6. 52nd St. & 5th Ave. [SE Corner] (1905 & 2012)
The Morton F. Plant House. This marble and granite Italian Renaissance mansion at 653 Fifth Avenue in Midtown Manhattan was completed in 1905 for Morton F. Plant, the son of a railroad tycoon. After only 12 years, Plant sold the mansion to Cartier Jewelers for a double-stranded Oriental pearl necklace valued at $1 million — to give to his wife Maisie Plant. Cartier converted the mansion into its U.S. flagship store, and since 1917, it has been known as the Cartier Building. In 1970, it was designated a landmark.
1905 photo courtesy of NYPL
7. 50th St. & 3rd Ave. [NE Corner] (2004 & 2012)
La Maganette, which closed in July 2005 after 30 years of service, was half classy Italian restaurant and half raging dance club. Downstairs, the restaurant dedicated certain nights to mambo, meringue, salsa, reggae, hip-hop, and everything in between. This Epinion review explains it: “After 30 years it got old and went downhill,” says one CitySearcher. Dos Caminos on 3rd Avenue (the third location of the popular chain of upscale Mexican restaurants) opened here in 2006.
8. 132nd St. & Lenox Ave. [NW Corner] (1915 & 2012)
We found this picture of the northwest corner of 132nd Street and Lenox Avenue alongside an article entitled “The First Black Policeman Remembers,” on the Columbia 250 website, dedicated to Columbia University’s 250-year anniversary. Interesting stuff about Irish, German, Jewish, Italian, white, and black gangs in the early 1900s.

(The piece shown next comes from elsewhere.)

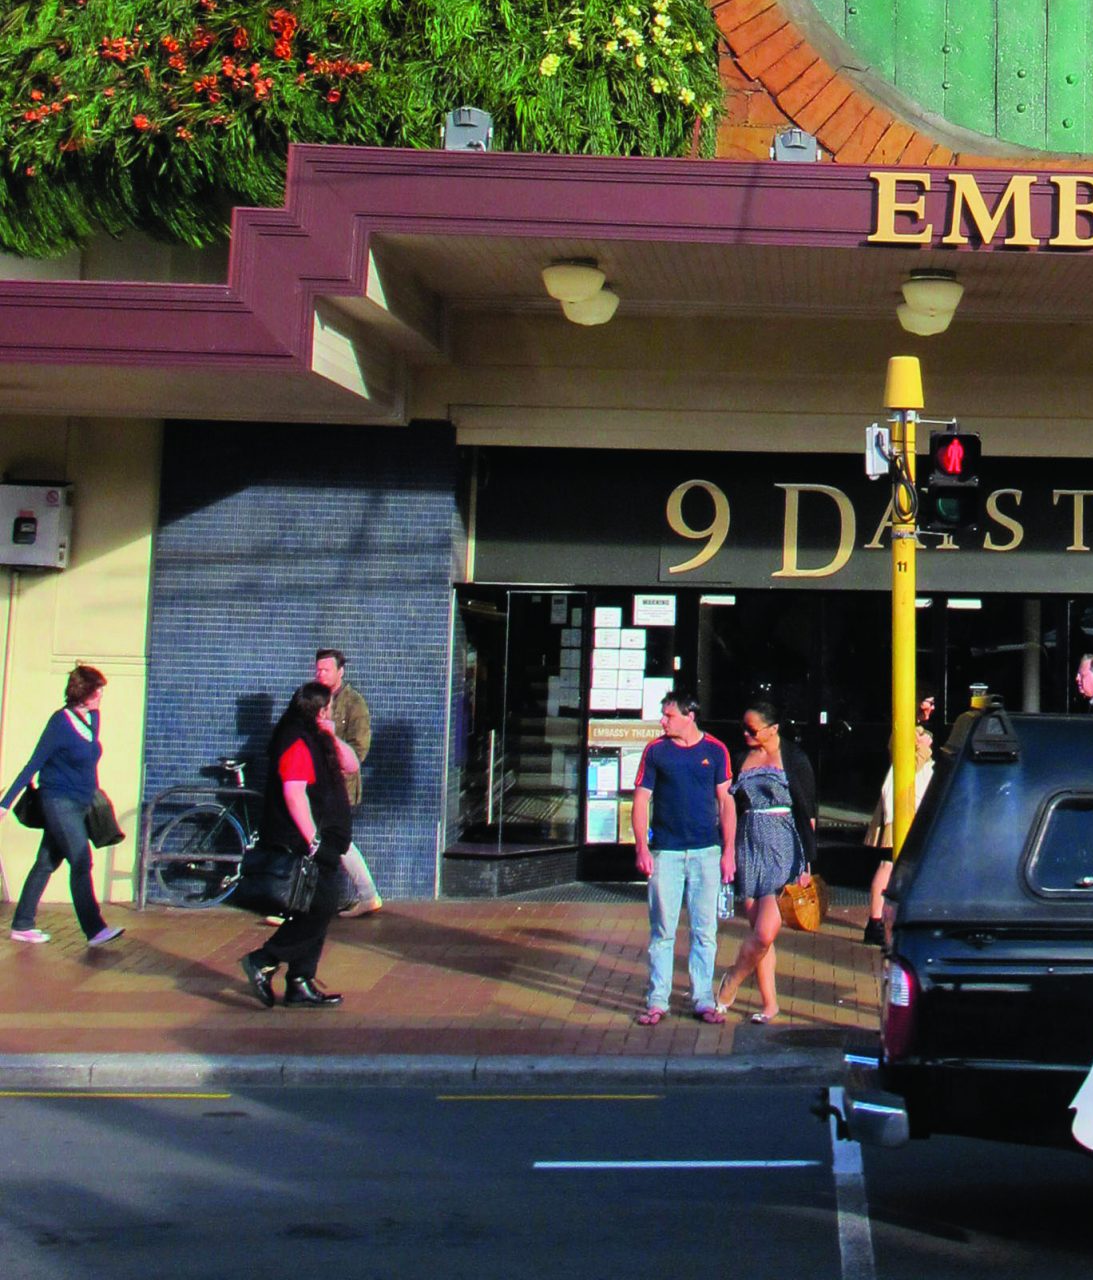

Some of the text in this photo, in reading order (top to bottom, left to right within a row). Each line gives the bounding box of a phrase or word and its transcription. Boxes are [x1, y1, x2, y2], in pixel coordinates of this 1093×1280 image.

9. 4th St. & Broadway [SW Corner] (1960s & 2012)
Back in the day, L’Elite Coffee Shop occupied this Greenwich Village corner. And the coffee shop sported an awesome “Enjoy Tab” Cola signage…as trucks from New Deal Delivery Service and Emery Air Freight idled out in the street. And a loft was for sale on the 2nd floor. I wonder who eventually bought that loft. A family? A winner? A loser? An average Joe? How much did it cost? Nostalgia makes all this stuff seem so much cooler than a yellow hybrid taxi idling in front of a Duane Reade pharmacy.
10. 51st St. & 2nd Ave. [NE Corner] (1979 & 2012)
In 2008, this Midtown East corner was the scene of a deadly crane collapse. Seven people were killed (including the crane operator) and 24 others were injured. A townhouse was crushed, cars were flattened, buildings were evacuated, and chaos ensued. The cause of the collapse was attributed to “a $50 piece of nylon that broke.” But things are looking up. The flattened townhouse has since been renovated and recently listed for $4.25 million. And, four years and several lawsuits later, Crave Ceviche Bar reopened last week as Crave Fish Bar. (The Smith replaced Rite-Aid, which replaced the A&P supermarket.)